I have SSH locked down fairly well, with remote root logins off and disabling password authentication in favor of RSA based keys. However, I opted to leave SSH on the default port 22, which undoubtedly accounts for all the attacks. Usually, I’d place the offending IP in my /etc/hosts.deny file, banning it for eternity with an “ALL:[bad IP address]“. Still, this meant that I banned them after the fact.

So, I installed DenyHosts. It’s a python script that can run as a daemon, monitoring my /var/log/auth.log for login attempts using non-valid users and/or passwords. After a few failed or invalid logins, the attacking IP is automatically added to /etc/hosts.deny, nipping a prolonged attack in the bud—just the way I like it.

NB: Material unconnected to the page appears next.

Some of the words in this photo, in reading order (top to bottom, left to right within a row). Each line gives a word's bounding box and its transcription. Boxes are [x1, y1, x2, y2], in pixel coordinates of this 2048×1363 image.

DenyHosts is highly configurable, letting you you specify all types of rules such as how many failed logins are allowed before banning, specifics of what services to ban and for how long (hours, years, eternity). You can have DenyHosts email reports to you and also have it synchronize against a master list of bad IPs that’s bolstered by over 4,000 users. It’s pretty damn cool. In one day, I had three separate attacks, promptly caught and banned.

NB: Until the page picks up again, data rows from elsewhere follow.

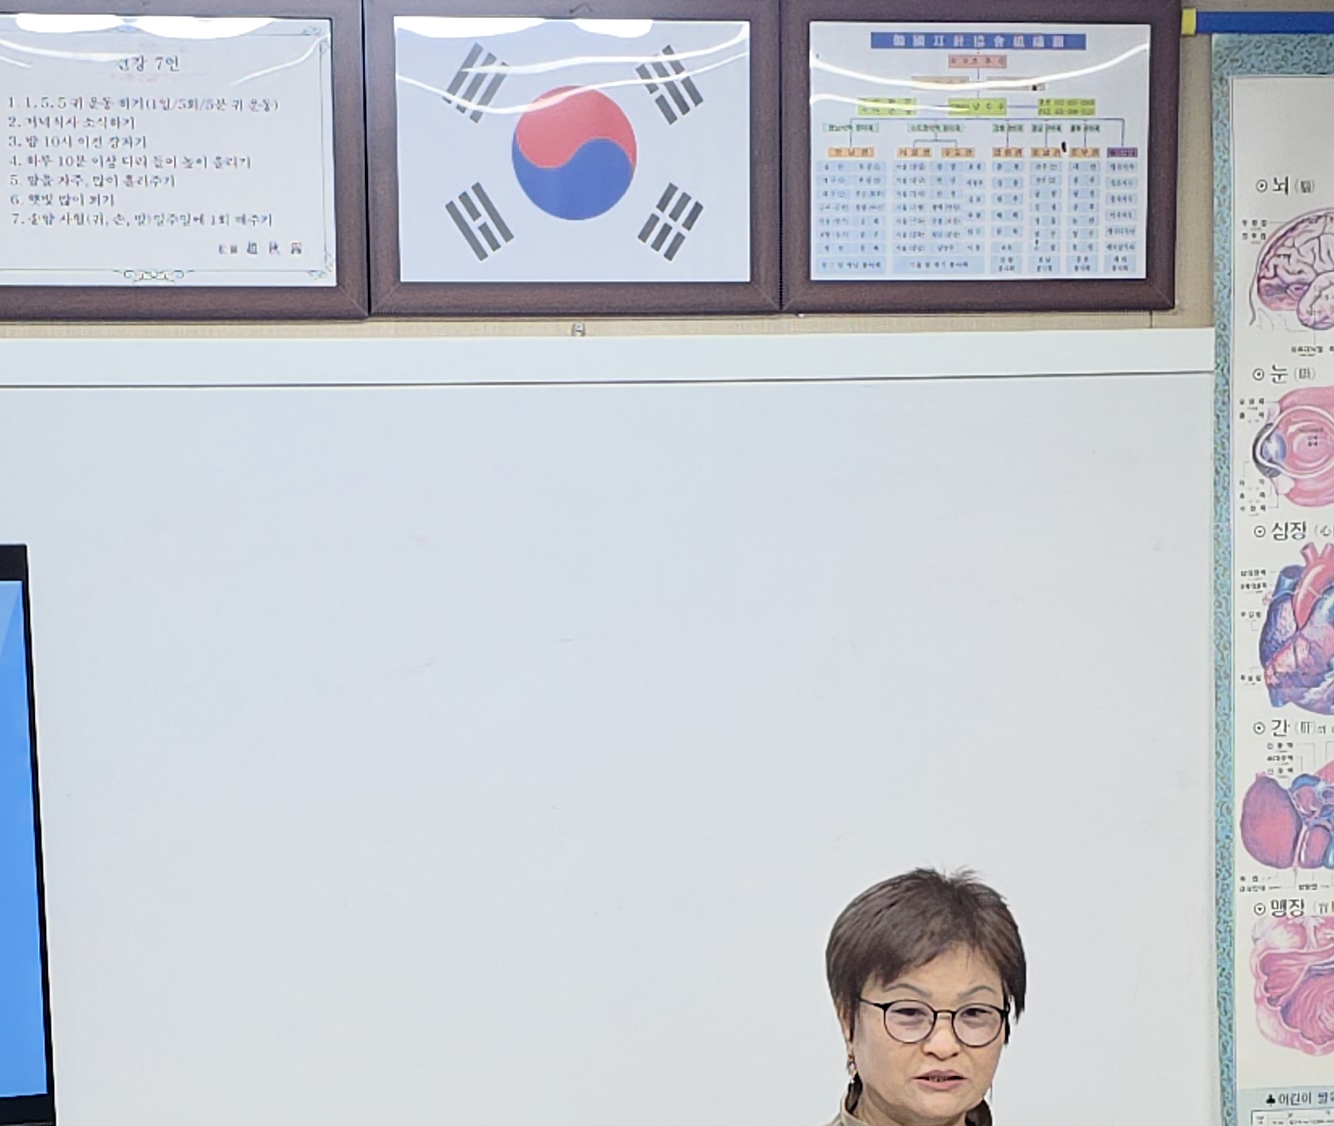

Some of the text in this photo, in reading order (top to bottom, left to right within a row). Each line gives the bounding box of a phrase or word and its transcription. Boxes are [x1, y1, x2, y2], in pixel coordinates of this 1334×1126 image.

[1272, 176, 1290, 195] 뇌
[1270, 364, 1289, 384] 눈
[1271, 521, 1307, 541] 심장
[1270, 718, 1290, 738] 간
[1270, 898, 1306, 918] 맹장
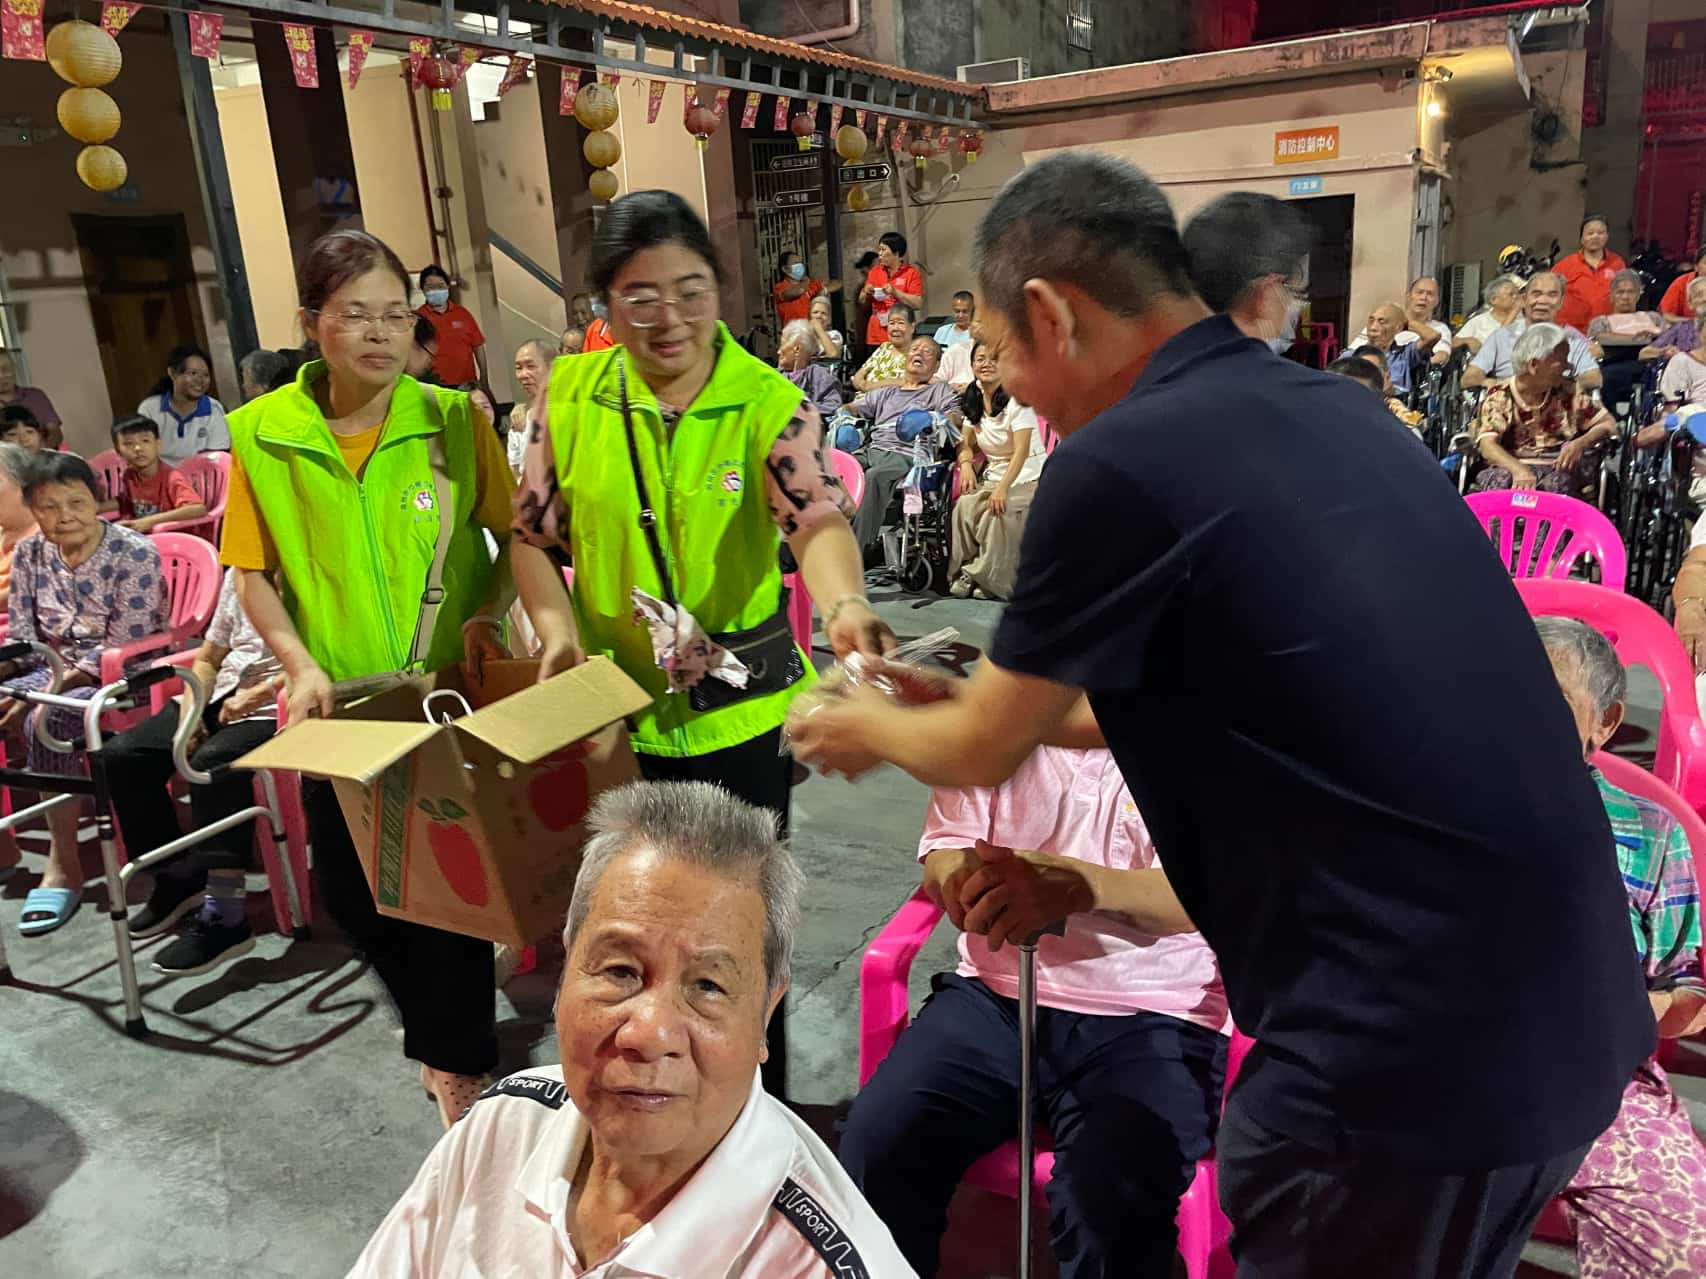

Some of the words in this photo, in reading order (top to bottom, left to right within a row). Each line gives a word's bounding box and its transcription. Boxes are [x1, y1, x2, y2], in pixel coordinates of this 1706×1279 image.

[1278, 135, 1335, 156] 消防控制中心
[509, 1079, 546, 1090] SPORT
[796, 1204, 829, 1237] SPORT

Stopping Flash pop-ups in Firefox

Tuesday, August 2nd, 2005

If you’re a Firefox junky like me, you probably take the built in pop-up blocker for granted. It’s a dandy little feature that helps make browsing bearable. However, you may have noticed that over the past few months, the blocker seems to be letting stuff through. This is due to scumbag pop-up spammers taking a new tactic by using Flash to trigger the new windows. The honeymoon is looking to be at an end.

But, before you hang yourself from the shower curtain rod, there’s a way around this issue. Pour a stiff drink, sit down, tear up the suicide notes (you really aren’t sorry for all the trouble you’ve caused anyway, c’mon) and prepare to do some fixing!

How to stop pop-ups from Flash in Firefox

  1. Open a window in Firefox (…duh) and type about:config in the address bar.
  2. Right-click (CTRL + click for Mac users) on the page and select New and then Integer.
  3. Name it privacy.popups.disable_from_plugins
  4. Set the value to 2.

That’s it motherfucker! You’re a man now. Have a cigar or something. Buck the fuck up, you did it yourself. Stop slouching. It’s okay to smile, but ain’t a damn thing funny…yadda, yadda, yadda.

To take it further, you can adjust the value of the integer (we’d set it at 2) to customize how strong the pop-up spanking should be:

  • 0: Allow all popups from plugins.
  • 1: Allow popups, but limit them to dom.popup_maximum.
  • 2: Block popups from plugins.
  • 3: Block popups from plugins, even on whitelisted sites.

Just thought I’d spread the word. Thanks Pete Bevin for figuring it out and thanks StumbleUpon for bringing it to my attention.